Last summer we pulled into Syracuse marina on Sicily to reprovision and prepare ourselves for our last leg of our delivery. I was first mate and my partner Manny was Captain. When the Police came through the marina to check ships papers and crew passports (a random spot check, since we had already cleared in to the European community), Manny wasn't on board. So I greeted them with our organized file of paperwork in hand.

There were two officers. One female and one male. Upon seeing how organized our paperwork was, the female officer burst into smile and began to shout "Viva la Donna, Viva la donna...". And each time I would answer their request for some detail or another she would burst into her "Viva la donna" again.  

When we arrived back at our home base after a two month delivery, all our neighbouring sailors just assumed that I had waited a home while Manny did the job. "Oh YOU were on board too!" 

Ya win some...ya loose some.... but we still go sailing.

Robyn


----------



## midnightsailor

I followed that Vendee Globe race closely and was so impressed by Samantha's skill as a racing sailor and her enaging personality. I ahve to aggree with the those who awarded her that honor...Roxy had Moxy!!


----------



## PCP

Ladies, can I call your atention for this thread?:

http://www.sailnet.com/forums/racing/63937-solo-duo-transatlantic-races.html

About a big Trasatlantic race (Figaro AG2R). They are all racing on equal boats (33ft Figaro Benetau).

There are three women on that race. 2 are on the head of the race, porsuing the leader.

The race has live coverage, so you can just follow in real time.

Regards

Paulo


----------



## PCP

Ladies,

I thought you would like to know that Jeanne (a French girl) is leading one of the BIG professional transatlantic races. Sam Davies is not faraway.

All crews (two) race with identical boats.

You can follow (direct GPS coverage) here:

Transat AG2R La Mondiale 2010

and here:

http://www.sailnet.com/forums/racing/63937-solo-duo-transatlantic-races-3.html#post596479

Regards

Paulo


----------



## PCP

For the ones that like Sam Davies (an English Girl):

She is leading the Figaro Transat. With a Fantastic move she recovered 60 miles on a day and is leading with 10 miles over the second. With a 33ft boat she is doing almost 11k, pointing in the right direction. probably she is going to be the first to pass Canary Islands.

Regards

Paulo


----------



## PCP

Ladies,

The AG2R Transat is over.

Sam Davies did not win, but finished 4rd. The winner is Le Cleac'h one of the best Solo sailors (second on the last Vendee globe). Jeanne finished second, 50 minutes later on a race that lasted more than 22 days.
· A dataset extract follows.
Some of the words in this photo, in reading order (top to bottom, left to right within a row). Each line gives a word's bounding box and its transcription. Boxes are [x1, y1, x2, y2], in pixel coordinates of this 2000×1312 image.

They left behind more than 20 boats, crewed by some of the best solo sailors on the planet. This was a duo crewed sail, but both girls were the captain in their boats.
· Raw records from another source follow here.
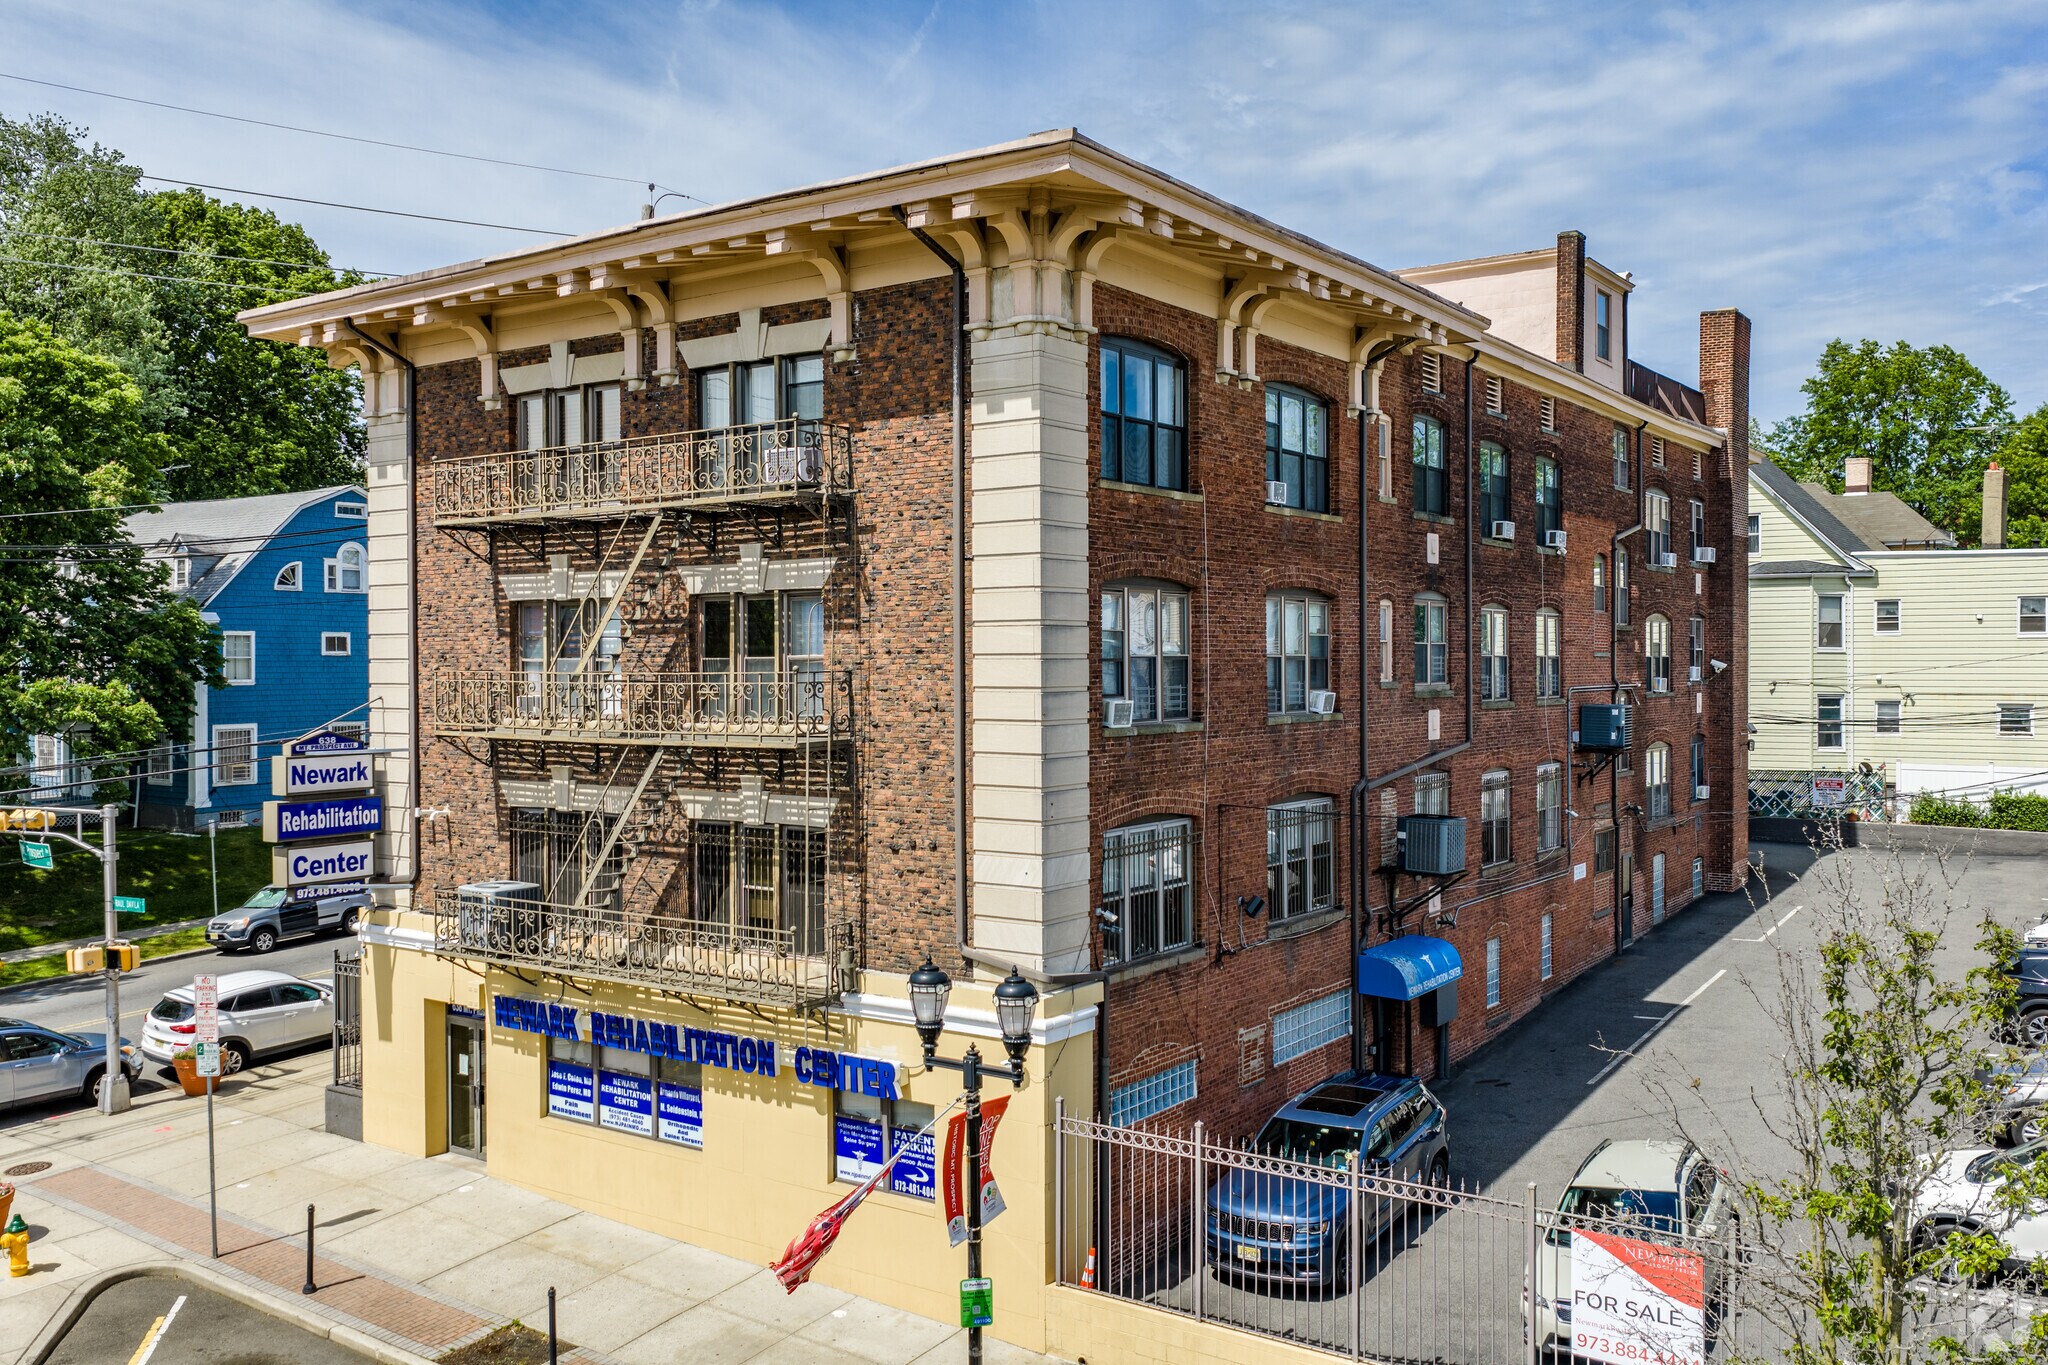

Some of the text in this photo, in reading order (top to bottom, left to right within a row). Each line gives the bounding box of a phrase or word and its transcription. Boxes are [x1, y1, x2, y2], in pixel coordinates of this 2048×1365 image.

[318, 736, 337, 744] 638
[291, 761, 369, 786] Newark
[281, 805, 379, 833] Rehabilitation
[293, 851, 369, 878] Center
[198, 1045, 203, 1053] 2
[495, 995, 902, 1100] NEWARK REHABILITATION CENTER
[552, 1081, 567, 1092] Edwin
[567, 1085, 582, 1096] Perez,
[612, 1077, 639, 1090] NEWARK
[601, 1083, 651, 1102] REHABILITATION
[565, 1099, 578, 1108] Pain
[613, 1095, 639, 1109] CENTER
[551, 1105, 592, 1120] Management
[608, 1107, 645, 1120] Accident Cases
[608, 1113, 621, 1121] (973)
[602, 1119, 651, 1134] www.NJPAINMD.com
[667, 1120, 699, 1133] Orthopedic
[677, 1129, 689, 1137] And
[837, 1121, 883, 1137] Orthopedic Surgery
[664, 1132, 703, 1146] Spine Surgery
[839, 1128, 881, 1142] Pain Management
[843, 1136, 877, 1149] Spine Surgery
[950, 1123, 960, 1158] HISTORIC
[917, 1160, 936, 1170] AVENU
[894, 1179, 936, 1199] 973-481-404
[950, 1173, 958, 1213] PROSPECT
[1622, 1243, 1699, 1271] NEWMARK
[1574, 1289, 1682, 1328] FOR SALE
Between the first and the 4th, at the finish, the difference was about 10 miles in a 3890 miles race. That's close

A movie with the winners, at the finish (and both girls) and some of the best movies of that race:

Le Figaro - La Solitaire
YouTube - Transat AG2R La Mondiale - grands surfs dans les alizés - 29 avril
YouTube - Transat AG2R La Mondiale - 28 avril Images de Stamm et Troussel
YouTube - Transat AG2R La Mondiale - 25 avril - images de Samantha Davies sur Saveol

Regards

Paulo


----------



## rotrax

My wife has eight years sailing experience.We co-own the boat.She takes on the role of skipper from time to time and is very good at it.The R.Y.A.training in the U.K.is very good both in the classroom and on the water.She invariably helms when docking or picking up a buoy.We dont use captain much in leisure sailing,it is more of a proffesional term.Last year in florida on a sport fishing boat we met a lady captain of an oil rig supply vessel.I expect she is pretty busy right now!


----------



## nolatom

I think this thread has shown that "captain" is mostly a professional term, and gender makes less difference every year, as more women (who have been graduating from the sea service and merchant marine academies for over 30 years now) command ships, or pilot the big ships around seaports. Maybe the inland towing industry is the last in the bunch to move women from the galley into the wheelhouse, but they're starting to do it, too. 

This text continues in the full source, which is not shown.